WORK ITEM:
Each entry in the listing below should be returned precisely as it is.

----

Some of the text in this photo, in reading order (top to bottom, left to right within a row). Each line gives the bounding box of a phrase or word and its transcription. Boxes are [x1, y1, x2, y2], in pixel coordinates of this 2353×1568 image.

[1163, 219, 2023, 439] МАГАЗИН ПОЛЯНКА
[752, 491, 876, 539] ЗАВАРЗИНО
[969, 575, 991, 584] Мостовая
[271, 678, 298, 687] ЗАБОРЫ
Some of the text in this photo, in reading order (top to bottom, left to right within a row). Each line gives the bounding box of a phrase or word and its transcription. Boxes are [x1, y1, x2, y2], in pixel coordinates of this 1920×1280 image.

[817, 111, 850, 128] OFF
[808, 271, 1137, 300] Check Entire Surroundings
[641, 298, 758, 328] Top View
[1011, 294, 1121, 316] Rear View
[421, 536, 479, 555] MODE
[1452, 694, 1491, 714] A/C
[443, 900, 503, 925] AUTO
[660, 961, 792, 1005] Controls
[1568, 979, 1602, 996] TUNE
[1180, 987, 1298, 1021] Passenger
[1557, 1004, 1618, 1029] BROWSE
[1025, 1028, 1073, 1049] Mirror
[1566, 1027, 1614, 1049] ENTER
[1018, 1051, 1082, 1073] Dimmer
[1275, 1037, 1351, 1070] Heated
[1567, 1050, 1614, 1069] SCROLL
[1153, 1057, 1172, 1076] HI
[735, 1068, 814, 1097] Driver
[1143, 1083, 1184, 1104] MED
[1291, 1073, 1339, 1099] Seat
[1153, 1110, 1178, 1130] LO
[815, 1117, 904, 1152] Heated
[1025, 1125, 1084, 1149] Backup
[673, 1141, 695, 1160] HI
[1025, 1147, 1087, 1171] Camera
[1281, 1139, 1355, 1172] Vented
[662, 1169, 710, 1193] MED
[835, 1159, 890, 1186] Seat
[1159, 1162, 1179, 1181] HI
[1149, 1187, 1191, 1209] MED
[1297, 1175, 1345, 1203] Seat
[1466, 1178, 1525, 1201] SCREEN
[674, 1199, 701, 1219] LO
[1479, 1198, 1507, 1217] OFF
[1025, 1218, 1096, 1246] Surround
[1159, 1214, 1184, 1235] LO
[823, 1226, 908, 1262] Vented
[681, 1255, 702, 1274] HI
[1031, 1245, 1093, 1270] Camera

----

EXERCISE OUTPUT:
Some of the text in this photo, in reading order (top to bottom, left to right within a row). Each line gives the bounding box of a phrase or word and its transcription. Boxes are [x1, y1, x2, y2], in pixel coordinates of this 2353×1568 image.

[1163, 219, 2023, 439] МАГАЗИН ПОЛЯНКА
[752, 491, 876, 539] ЗАВАРЗИНО
[969, 575, 991, 584] Мостовая
[271, 678, 298, 687] ЗАБОРЫ
Some of the text in this photo, in reading order (top to bottom, left to right within a row). Each line gives the bounding box of a phrase or word and its transcription. Boxes are [x1, y1, x2, y2], in pixel coordinates of this 1920×1280 image.

[817, 111, 850, 128] OFF
[808, 271, 1137, 300] Check Entire Surroundings
[641, 298, 758, 328] Top View
[1011, 294, 1121, 316] Rear View
[421, 536, 479, 555] MODE
[1452, 694, 1491, 714] A/C
[443, 900, 503, 925] AUTO
[660, 961, 792, 1005] Controls
[1568, 979, 1602, 996] TUNE
[1180, 987, 1298, 1021] Passenger
[1557, 1004, 1618, 1029] BROWSE
[1025, 1028, 1073, 1049] Mirror
[1566, 1027, 1614, 1049] ENTER
[1018, 1051, 1082, 1073] Dimmer
[1275, 1037, 1351, 1070] Heated
[1567, 1050, 1614, 1069] SCROLL
[1153, 1057, 1172, 1076] HI
[735, 1068, 814, 1097] Driver
[1143, 1083, 1184, 1104] MED
[1291, 1073, 1339, 1099] Seat
[1153, 1110, 1178, 1130] LO
[815, 1117, 904, 1152] Heated
[1025, 1125, 1084, 1149] Backup
[673, 1141, 695, 1160] HI
[1025, 1147, 1087, 1171] Camera
[1281, 1139, 1355, 1172] Vented
[662, 1169, 710, 1193] MED
[835, 1159, 890, 1186] Seat
[1159, 1162, 1179, 1181] HI
[1149, 1187, 1191, 1209] MED
[1297, 1175, 1345, 1203] Seat
[1466, 1178, 1525, 1201] SCREEN
[674, 1199, 701, 1219] LO
[1479, 1198, 1507, 1217] OFF
[1025, 1218, 1096, 1246] Surround
[1159, 1214, 1184, 1235] LO
[823, 1226, 908, 1262] Vented
[681, 1255, 702, 1274] HI
[1031, 1245, 1093, 1270] Camera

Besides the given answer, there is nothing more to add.